Materials and Methods:
This is a multicenter, retrospective validation study using prospectively collected data from the Zenith alpha for aneurysm Repair Registry (ZEPHYR). Automated measurements of PRAEVAorta 2 are compared with measurements of an internationally recognized core laboratory (Syntactx, New York, New York State). The reviewers at the core laboratory were measurement technologists trained to and utilizing established measurement standards, overseen by vascular surgeons and radiologists. The data set comprised 871 computed tomography angiography scans from the ZEPHYR registry with 347 patients who underwent endovascular aneurysm repair (EVAR) with the Zenith Alpha Endovascular Abdominal Graft (Cook Medical, Bloomington, Indiana) in Germany, Belgium, and The Netherlands between 2016 and 2019.
Results:
The analysis demonstrated excellent correlation of the measurements (r=0.97) with an intraclass correlation (ICC) of 0.972 (95% confidence interval [CI]=0.968-0.976) across all scans. For preoperative computed tomography (CT) scans, ICC was 0.953 (95% CI=0.941-0.963), and for postoperative scans, ICC was 0.979 (95% CI=0.975-0,983), respectively. In total, 95.4% of measurements were within the clinically acceptable range of 5 mm in absolute difference.

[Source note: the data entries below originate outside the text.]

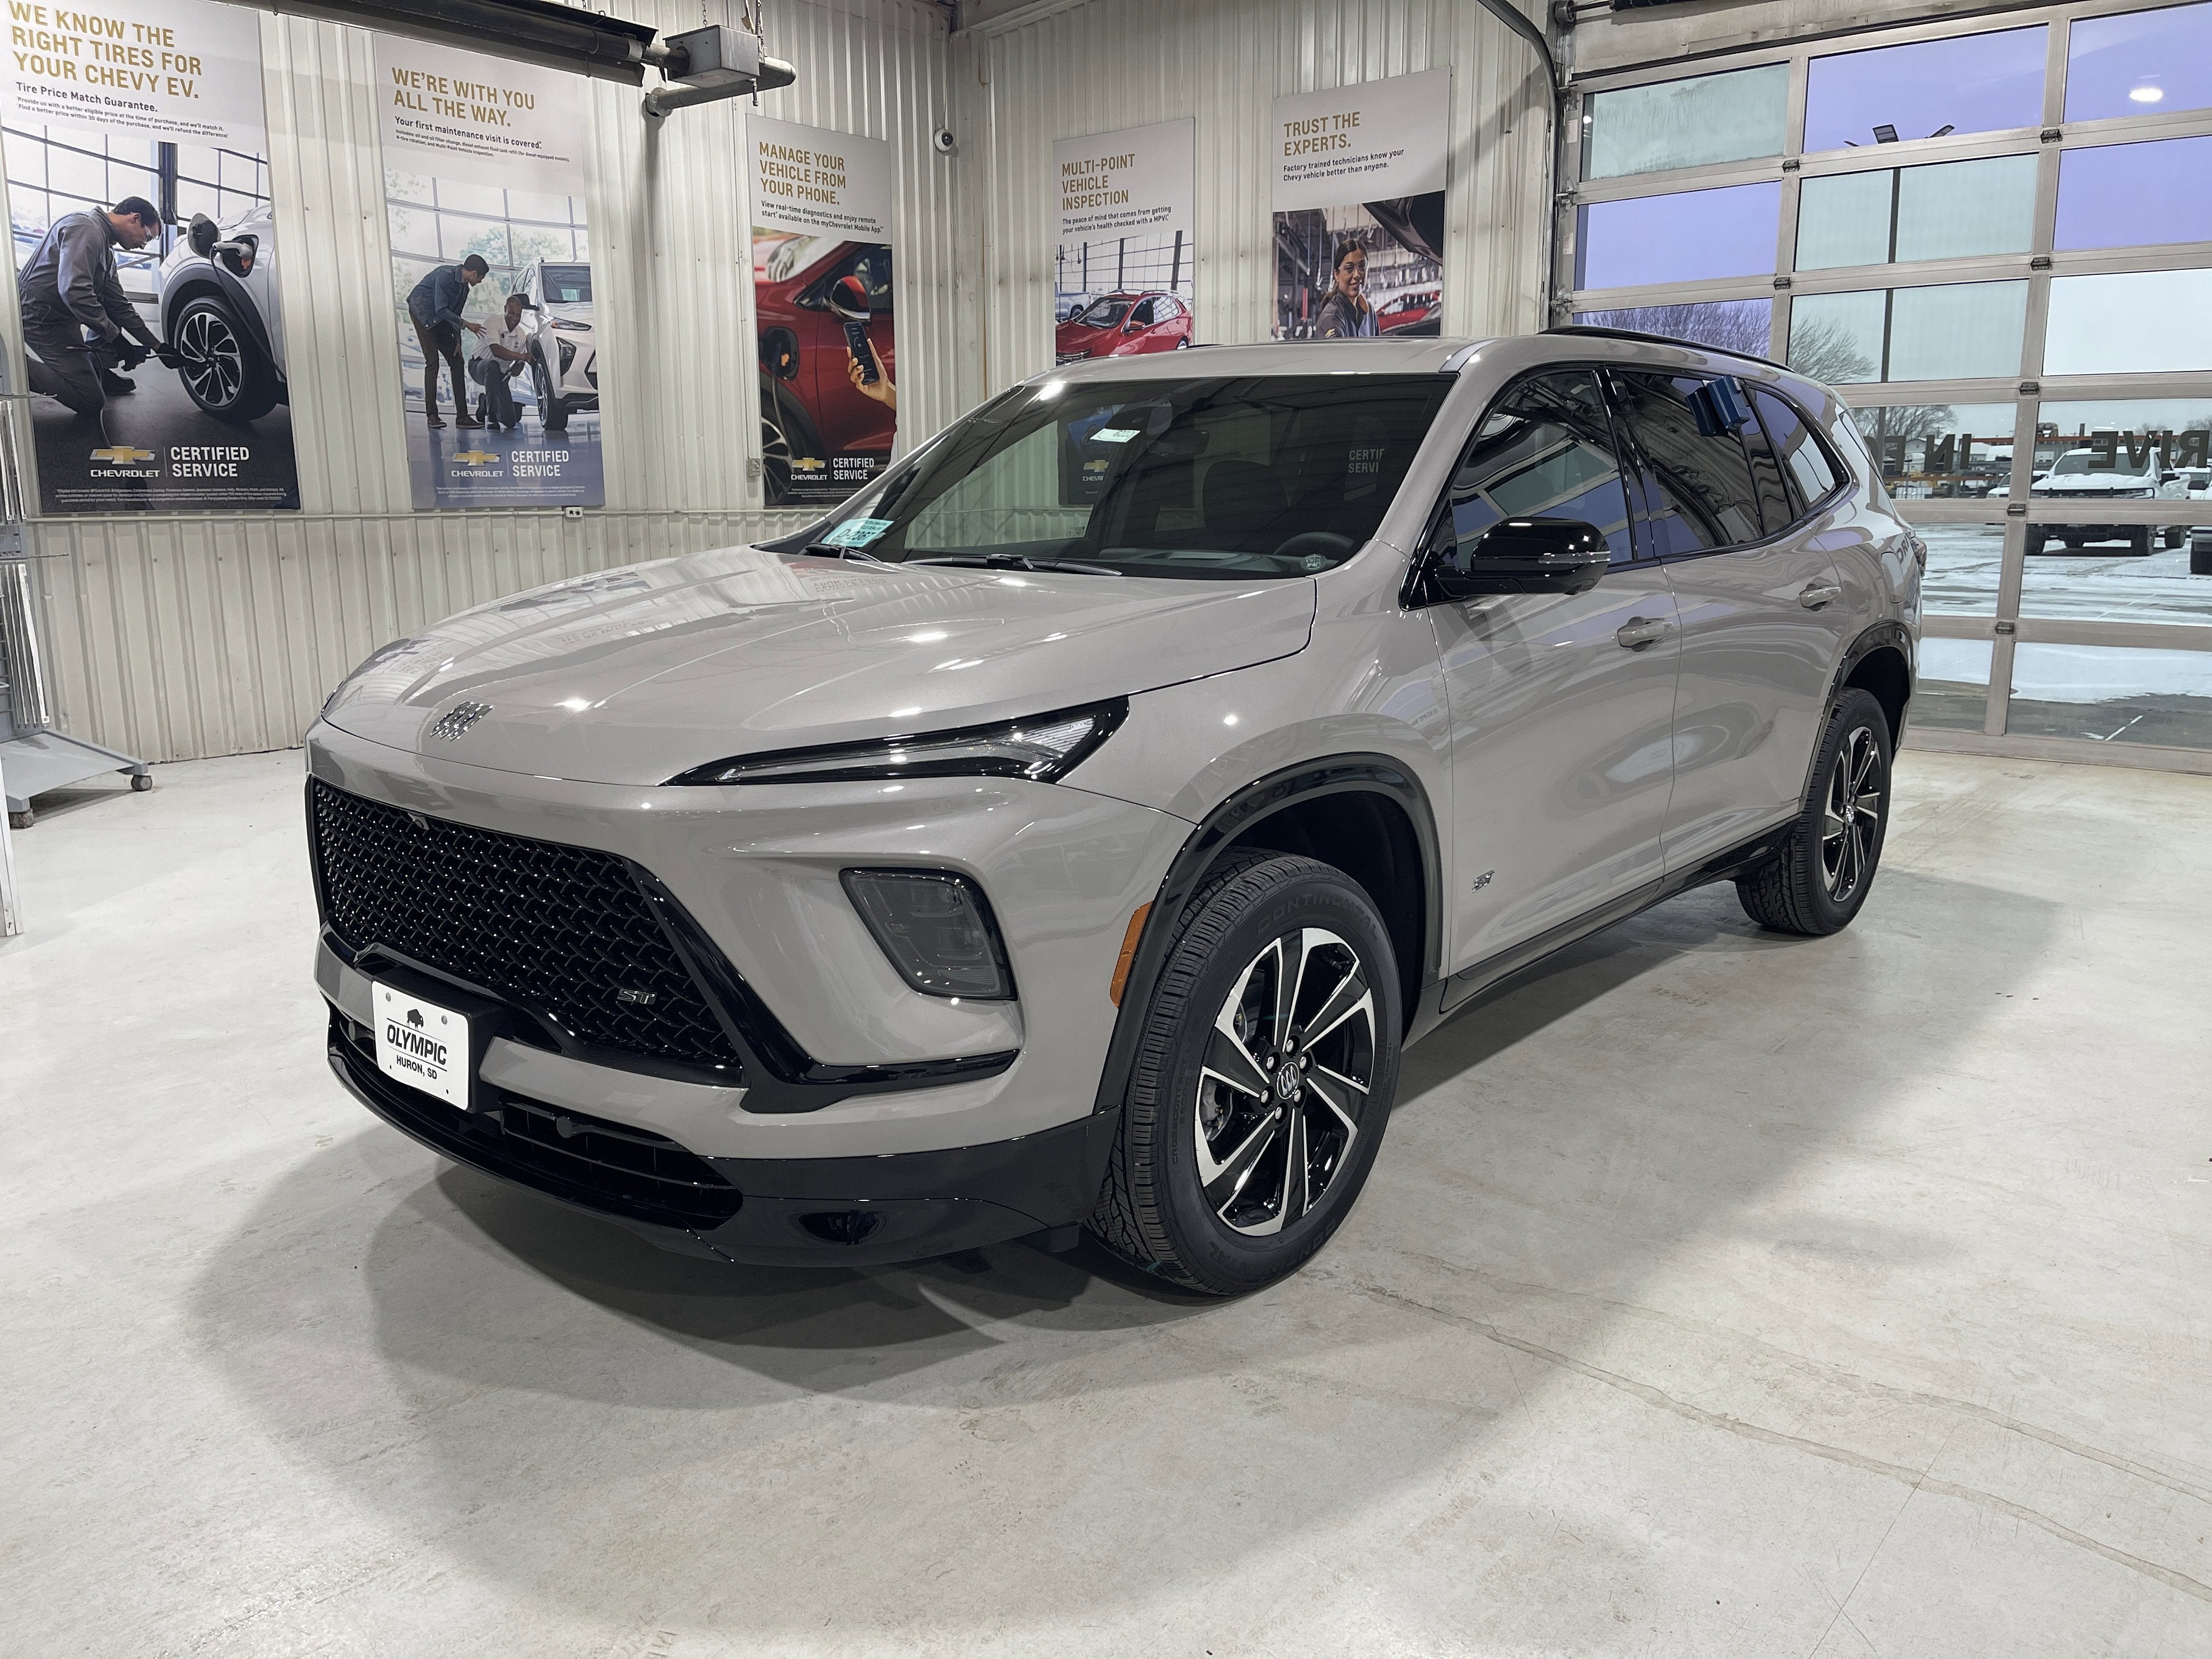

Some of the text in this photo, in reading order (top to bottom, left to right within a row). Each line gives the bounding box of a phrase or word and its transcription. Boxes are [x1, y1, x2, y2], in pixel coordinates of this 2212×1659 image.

[8, 0, 174, 48] WE KNOW THE
[12, 26, 202, 76] RIGHT TIRES FOR
[13, 50, 199, 99] YOUR CHEVY EV.
[16, 82, 157, 112] Tire Price Match Guarantee.
[18, 97, 38, 105] Provide
[453, 80, 498, 103] WITH
[502, 89, 534, 110] YOU
[394, 90, 511, 127] ALL THE WAY.
[394, 116, 414, 127] Your
[415, 120, 433, 131] first
[435, 126, 483, 140] maintenance
[485, 134, 501, 143] visit
[503, 136, 509, 144] is
[1284, 111, 1360, 138] TRUST THE
[759, 141, 845, 171] MANAGE YOUR
[1284, 134, 1351, 156] EXPERTS.
[1062, 153, 1135, 177] MULTI-POINT
[1308, 159, 1330, 169] trained
[1332, 155, 1368, 166] technicians
[1389, 149, 1404, 159] your
[759, 159, 846, 189] VEHICLE FROM
[1303, 171, 1325, 179] vehicle
[1364, 162, 1389, 172] anyone.
[760, 178, 840, 205] YOUR PHONE.
[1062, 174, 1108, 194] VEHICLE
[761, 200, 775, 208] View
[776, 204, 801, 213] real-time
[802, 207, 832, 218] diagnostics
[1062, 189, 1128, 211] INSPECTION
[1152, 206, 1171, 216] getting
[778, 213, 802, 222] available
[821, 221, 853, 230] myChevrolet
[854, 222, 870, 232] Mobile
[1074, 224, 1096, 232] vehicle's
[1114, 218, 1135, 228] checked
[1136, 217, 1148, 225] with
[171, 447, 249, 460] CERTIFIED
[511, 450, 569, 462] CERTIFIED
[833, 458, 874, 468] CERTIFIED
[90, 469, 160, 477] CHEVROLET
[172, 463, 238, 477] SERVICE
[512, 465, 561, 477] SERVICE
[833, 470, 868, 480] SERVICE
[1257, 893, 1378, 941] CONTINENTAL
[617, 989, 657, 1004] ST
[387, 1024, 447, 1065] OLYMPIC
[396, 1054, 437, 1079] HURON, SD
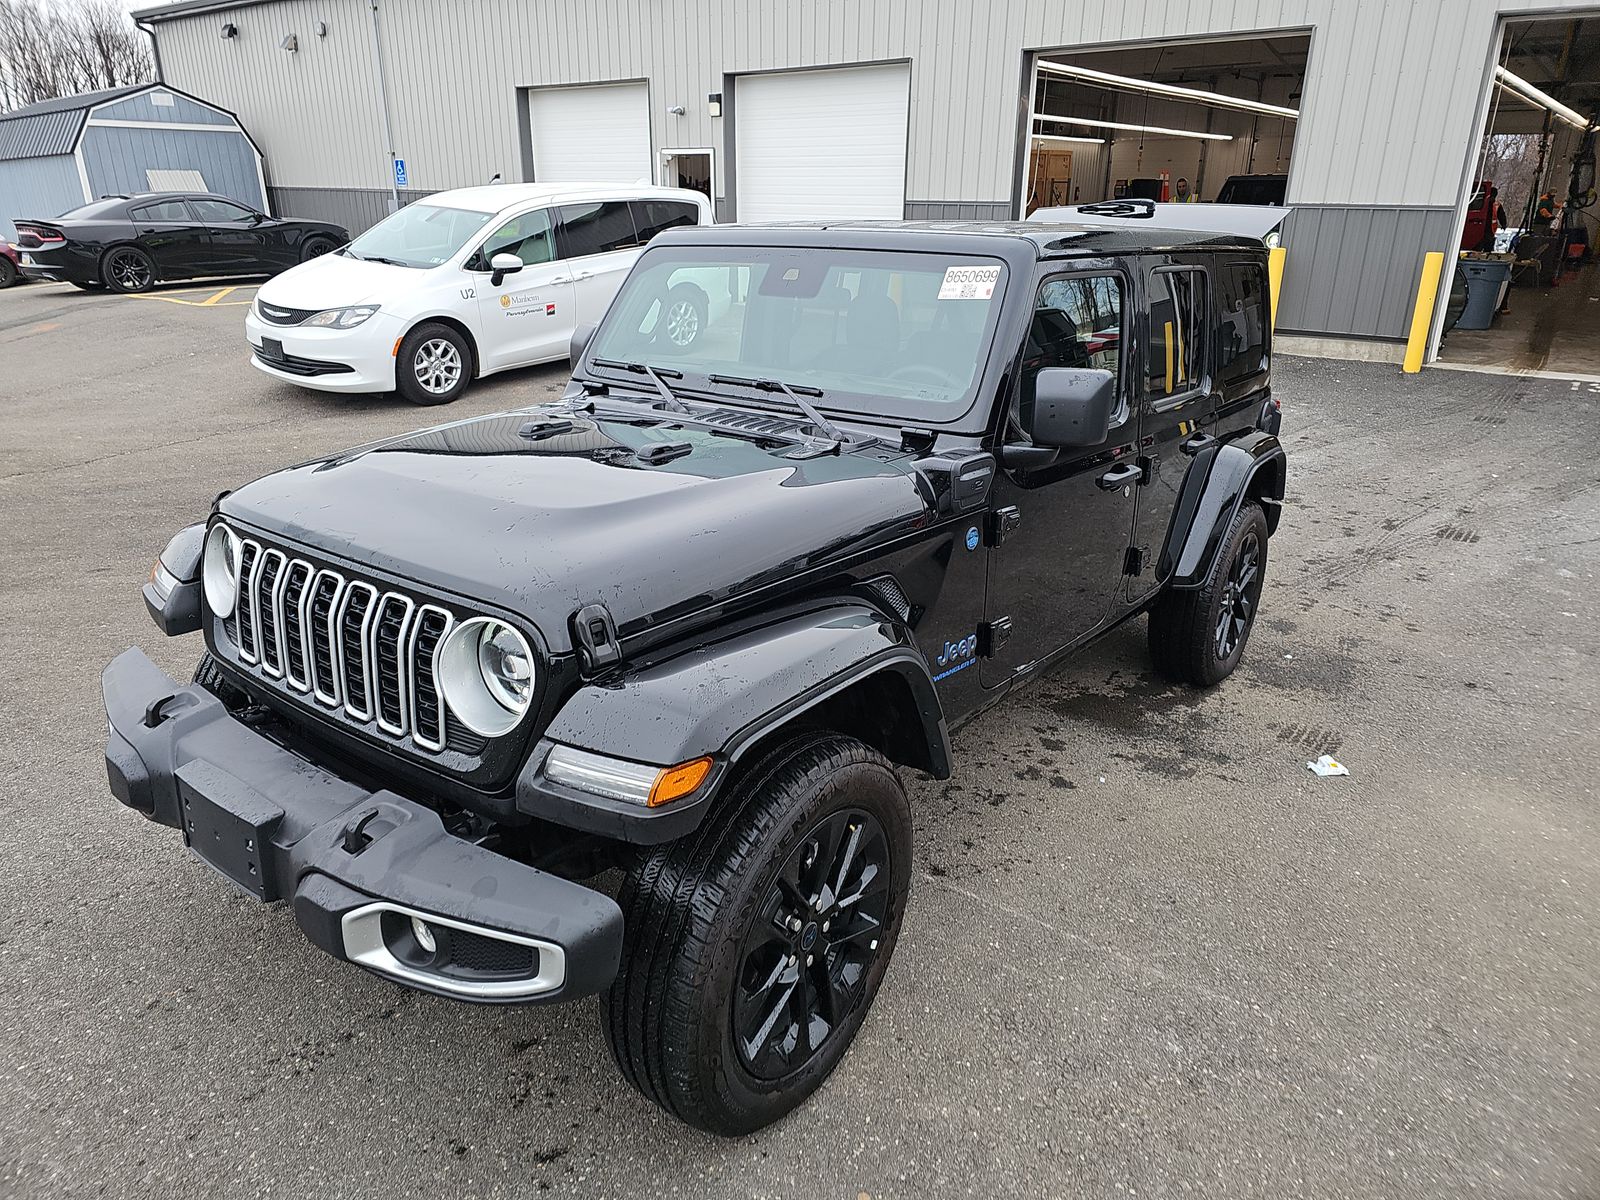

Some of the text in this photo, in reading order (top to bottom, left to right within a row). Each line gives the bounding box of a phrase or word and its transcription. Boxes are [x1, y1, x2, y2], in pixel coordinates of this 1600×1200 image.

[946, 269, 999, 283] 8650699
[460, 288, 476, 300] U2
[511, 294, 540, 305] Manheim
[936, 634, 977, 667] Jeep
[932, 660, 970, 682] WRANGLER

In total, 10% of scans demonstrated obvious segmentation errors, mainly due to failure in detecting vessel segments (renal arteries, aortic bifurcation) or due to mis-detecting the outer border of the AAA (duodenum, inferior vena cava, aortic branches) and were excluded from the analysis.
Conclusion:
In this study, the maximum AAA diameter could be accurately measured fully-automatically by PRAEVAorta 2 (Nurea) in most cases demonstrating that artificial intelligence (AI) software could serve as an important adjunct for research and clinical practice. However, critical review of the generated reports by an experienced observer and cautious use is warranted to identify flawed segmentations.
Clinical Impact
This multicenter, retrospective validation study assessed the accuracy of fully-automated maximum infrarenal aortic aneurysm diameter measurements. It was demonstrated, that 95.4% of measurements were within the clinically acceptable range of 5 mm in absolute difference, positioning the software as a potential adjunct for clinical practice and research. It is also highlighted however, that critical review of the measurements is obligatory, due to a 10% segmentation error rate.
Introduction
Analysis of large data sets from real-world registries is an increasingly important source of evidence.1,2 The insights that can be gathered from such registries are largely a function of the underlying quality, structure, granularity, and volume of data. In the context of abdominal aortic aneurysm research, information derived from computed tomography angiography (CTA) is essential. Frequently, the measurements of aortic diameters are performed by local researchers, introducing both intraobserver and interobserver biases of up to 5 mm in absolute difference due to heterogeneous methodology and definitions.3–7 In addition, the availability of resources in research facilities naturally restricts the volume of processable data for research purposes. Availability of data could turn out to be a decisive factor for the ability to adopt big data analysis to guide personalized aortic therapy in the future. 8
At present, imaging core laboratories can deliver high-quality analysis at scale. However, these services are labor-intensive, infrastructurally complex and therefore associated with relevant costs. In recent years, tools that allow fully-automated aortic diameter measurements have been introduced.9–13 One of which is PRAEVAorta 2 (Nurea, Bordeaux, France), which received its CE mark in 2023. Previous studies have demonstrated promising results with regard to the software’s ability to accurately segment volumes and determine the maximum aortic diameter in patients with abdominal aortic aneurysm.10,11,14 However, studies on the accuracy of PRAEVAorta 2 and similar tools are often limited by a lack of external validity on larger sets of data from multiple sites. External validation of any automated measurement tool is essential.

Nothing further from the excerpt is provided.